Paul Hanley's Top 10 Crazy-Ass 'Nam Movies

Viva the Nam's co-creator talks about his inspirations

1) The Losers a.k.a. Nam's Angels (1970): William Smith and Adam Roarke (the two greatest biker-movie actors of all time) take their hogs to 'Nam (which looks nothing like the Philippines) and go tear-assin' around lookin' for the Shit. Remember the motorcycle movie Bruce Willis' girlfriend was watching in Pulp Fiction? This is it.

2) Chrome and Hot Leather (1971): Another William Smith biker flick, but this one's from the "Green Berets come home and fight Hell's Angels" subgenre (yes, it really is a subgenre). Contains the choice line, "Can't you see we're menacing someone?"

3) China Gate (1957): Sam Fuller – so far ahead of his time he made a 'Nam movie before the U.S. was even (officially) in the damn war. Expatriate Americans in the French Foreign Legion try to assassinate Lee Van Cleef (playing an Asian communist!). Includes Angie Dickinson's legs, Nat King Cole stepping on a bamboo spike, comic relief Frenchmen getting brutally machine-gunned, and all the usual vulgar brilliance you expect from a Fuller flick.

4) Charlie Bravo (1980): Wildly anachronistic French exploitation flick about a group of ultra-anti-heroic paratroopers battling the Vietminh in 1954. These guys are so bad they blow up their own helicopters for refusing to pick up wounded. Testicles are electrocuted, asses are stabbed, and if my eyes didn't deceive me, a dying soldier is administered fellative last rites by his C.O. Hands-down the most batshit 'Nam movie I've ever seen – I've seen it, and I'm still not sure it actually exists.

5) Combat Shock (1986): "Eraserhead meets Taxi Driver" isn't a phrase you often use, unless you're describing this 'Nam-vet-goes-nutzoid flick that was eventually released by Troma. The 'Nam flashbacks are mostly stock footage, intercut with a couple actors in surplus gear running around what looks like the Jersey shore. The trailer's even better than the movie.

6) 84 Charlie MoPic (1989): Years before The Blair Witch Project there was this movie, which basically did the same thing, only with unseen Viet Cong instead of an unseen witch-serial-killer-whatever. Actually pretty impressive for its nonbudget, and it contains my favorite scream of "Get some!" in any 'Nam movie ever.

7) Eastern Condors (1987): Sammo Hung's movie about Asian-Americans getting sent on a Dirty Dozen-type mission to blow up a U.S. weapons dump left after the communist takeover. About as accurate with Vietnam as A Trip to the Moon was with space exploration, and totally bugnuts awesome.

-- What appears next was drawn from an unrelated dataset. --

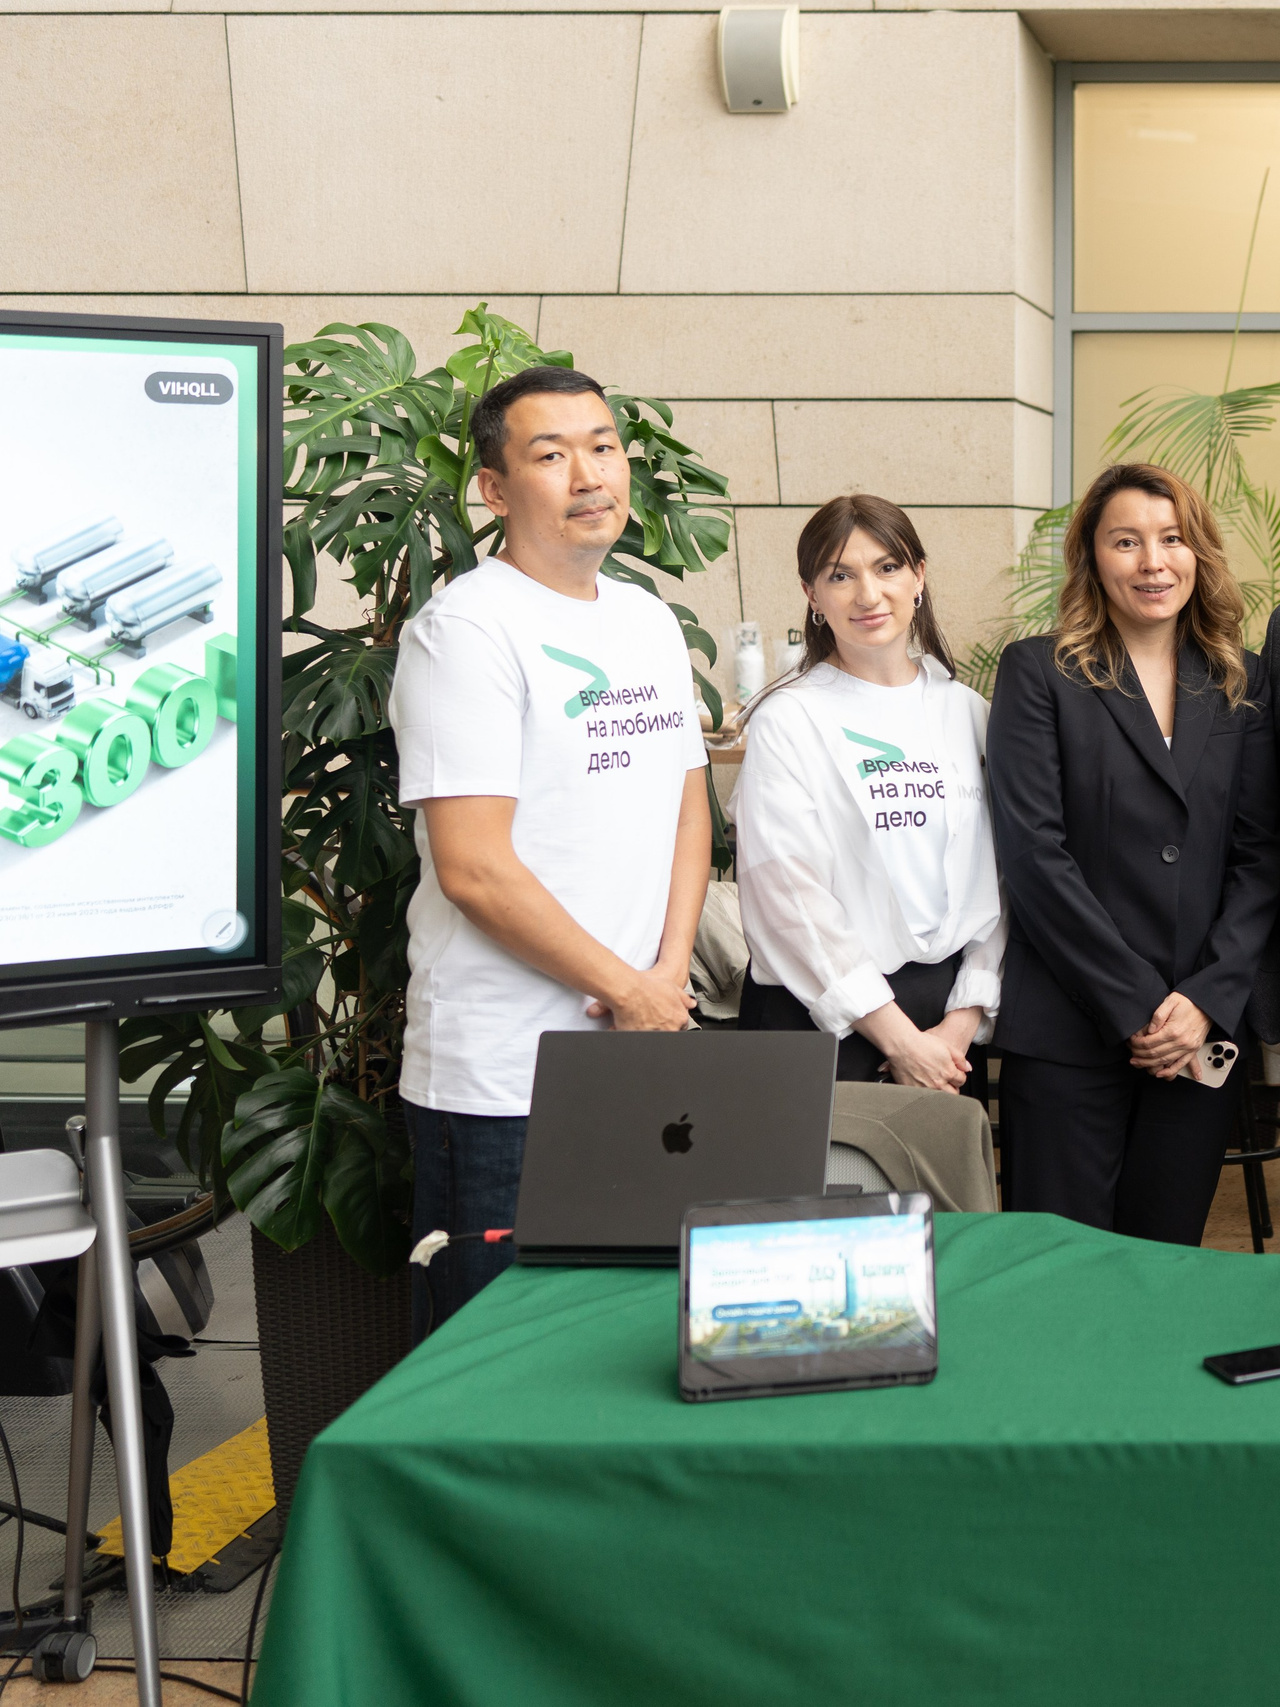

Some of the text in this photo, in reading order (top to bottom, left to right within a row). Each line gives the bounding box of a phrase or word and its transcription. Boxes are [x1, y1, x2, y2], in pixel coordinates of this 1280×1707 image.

8) No Substitute for Victory (1970): Possibly even less accurate about the war is this "documentary" hosted by John Wayne. An 11th-hour attempt at propaganda that looks like it was shot on Super 8 in Duke's finished basement study. Includes a lot of J.W.'s friends explaining why we can't lose Vietnam, including Martha Raye and World War II Gen. Mark Clark. If ya know anything about the Battle of Monte Cassino, you'll know that Martha Raye's the one with the credibility.

9) Brotherhood of Death (1976): Blaxploitation flick about 'Nam vets returning to their Southern hometown and using Viet Cong guerrilla tactics to fight the Ku Klux Klan. The 'Nam scenes look like they were shot in my backyard, and everyone's wearing World War II-era "duck hunter" camo (guess that's what was surplus in '76), but it's still a charming bit of regional filmmaking.

10) Bullet in the Head (1990): John Woo in "The 'Nam." What more do ya need to know?